# Foams Light Bread W/Q view



## tropics (May 4, 2015)

Made a few batches of these during the week so I was able to get some pics, for the recipe I used Foams light bread.

 
 
Foam’s Light Bread
 
Ingredients:
3 ¼ C                     Sifted GP Flour
¼ C                        Sugar
¼ C                        Olive oil or (lard)
 
 
1C                         Warm water ( ½ C + ½ C)
1 each                  egg, at room temp.
 
Large mixing bowl, sift 3 ¼ C of flour and ¼ C sugar, add a double pinch of salt.
 
Proofing the yeast (Checks it to ensure its potent)
 
In a warm 2C measuring cup add the whole egg in its shell and place under running hot water for a min. or two. I keep my eggs in the reefer so they are cold. Remove the egg and set aside.
 
Fill ½ C of luke warm water to the measuring cup with a little sugar and a little flour mix till dissolved. Sugar and flour…. Maybe ¼ teaspoon. The yeast needs something to eat so it can become gassy. Add a package and a little yeast and dissolve. Wrap in a tea towel to keep warm while it percolates for about 5 mins.
 
After a few mins if you can see foam floating its alive! Add the egg, and I add maybe a ¼ C of honey. Mix well and add to the flour mixture. Now fill the cup with the other ½ cup of hot water and swirl to clear the sides of the cup. Add to the flour mixture. Go ahead and get and other ¼ C, you’ll probably need it, but wait to see if you do.
 
Making the dough
 
Add the oil to the mixture and I mix with a salad fork, If it get too dry had some water. Turn out on a lightly floured counter. Rinse the mixing bowl and fill with hot water and let it sit.
 
Kneading the dough
 
Now it’s all the fun, fold and knead and beat it with the rolling pin! The longer you do it the finer the crumb, most recipes say 10 mins. I usually last 5. It all depends upon what the dough is being made for. When you’ve had enough, get the clean hot dry mixing bowl and wrap it with a towel (to hold the heat), add a little oil and place the pretty side of the dough ball down, give it a swirl in the oil and flip it over. This coats it so it wouldn’t dry or stick. Leave a tea towel over the top and walk away.
 
First raise
 
In an hour and a half, check it and it should have double or tripled in size. Punch down,  then set ‘em up as to what you are making.

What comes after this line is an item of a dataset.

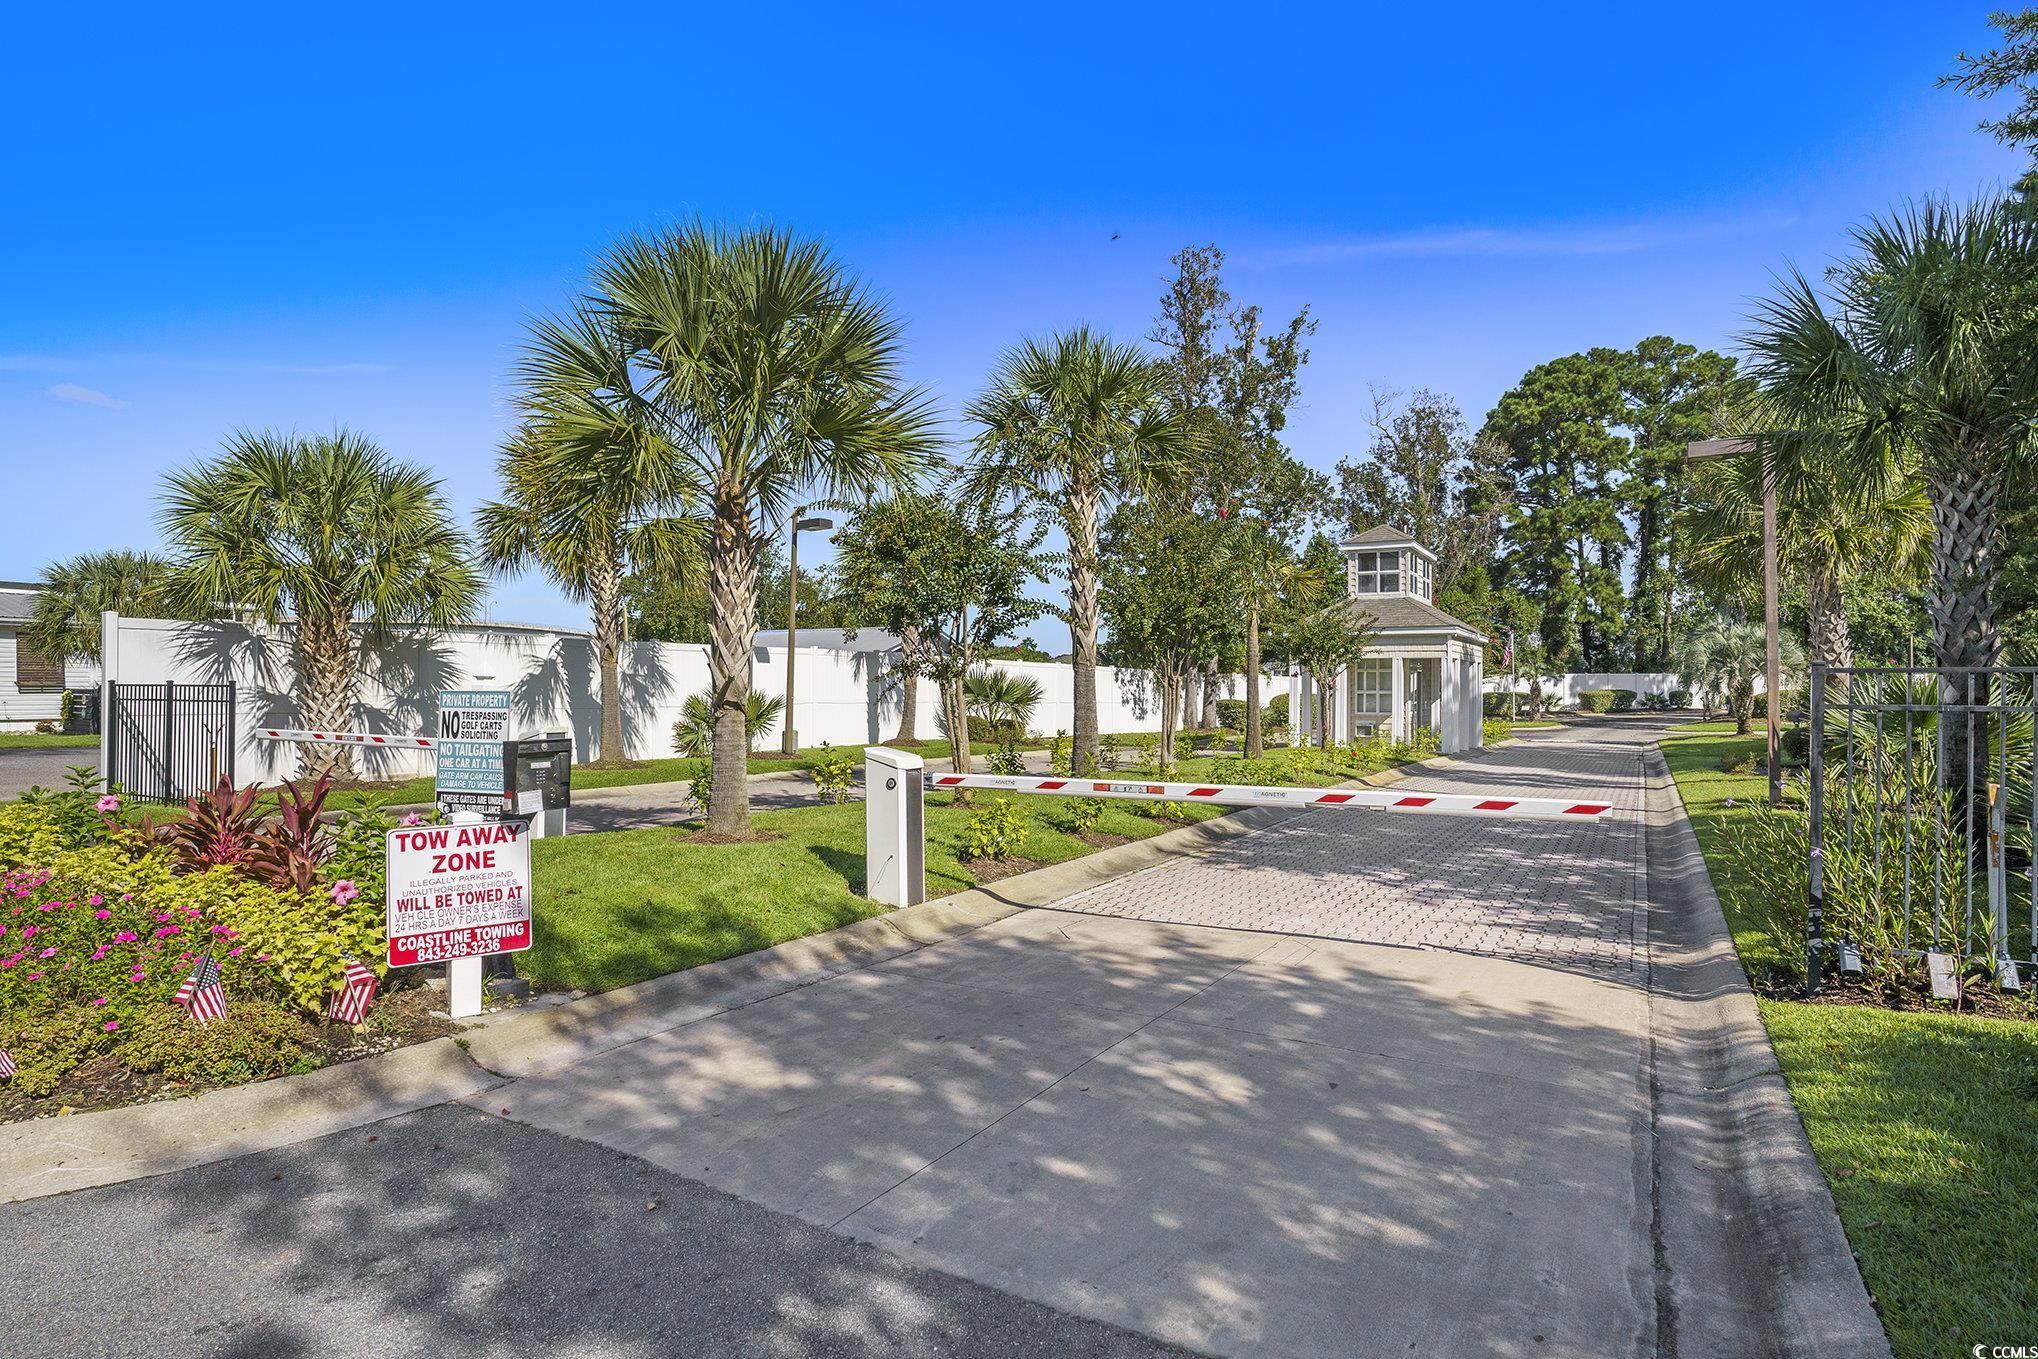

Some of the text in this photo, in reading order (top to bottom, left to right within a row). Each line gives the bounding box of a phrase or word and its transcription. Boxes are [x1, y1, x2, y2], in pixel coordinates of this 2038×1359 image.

Be careful and do not over work at this point.  I will near always get 2 of these pans of rolls. Or one of rolls, and the other half had some nutmeg a bit of sugar and make donuts, or roll out and make cinnamon rolls, or throw in a bread pan and make loaf bread….  Remember though they are going to double or triple in size. Whatever you do, keep ‘em warm, and wrapped when you get them happy. This is now the second rise. Just walk away.
 
Second raise
 
A hour and a half later, its into a 350 oven till done, usually 25 mins. but up to 45 mins. till done.
 
If you want a hard crust, spritz water in the oven once, if ya want pretty brown hit it with and egg wash before baking, I like my rolls pulled light brown and wiped with butter and returned to the oven till done.
 

 
 
There are a million things you can do, add herbs, you can add more sugar or less, warm milk instead of water, spices like cinnamon, salt, peppers, etc etc…. , cheese. Its as open as your own imagination. This is light bread, not to be confused with the more specific ethnic breads. 
 
One package of yeast is plenty, the extra is to give you a helping hand with that first try.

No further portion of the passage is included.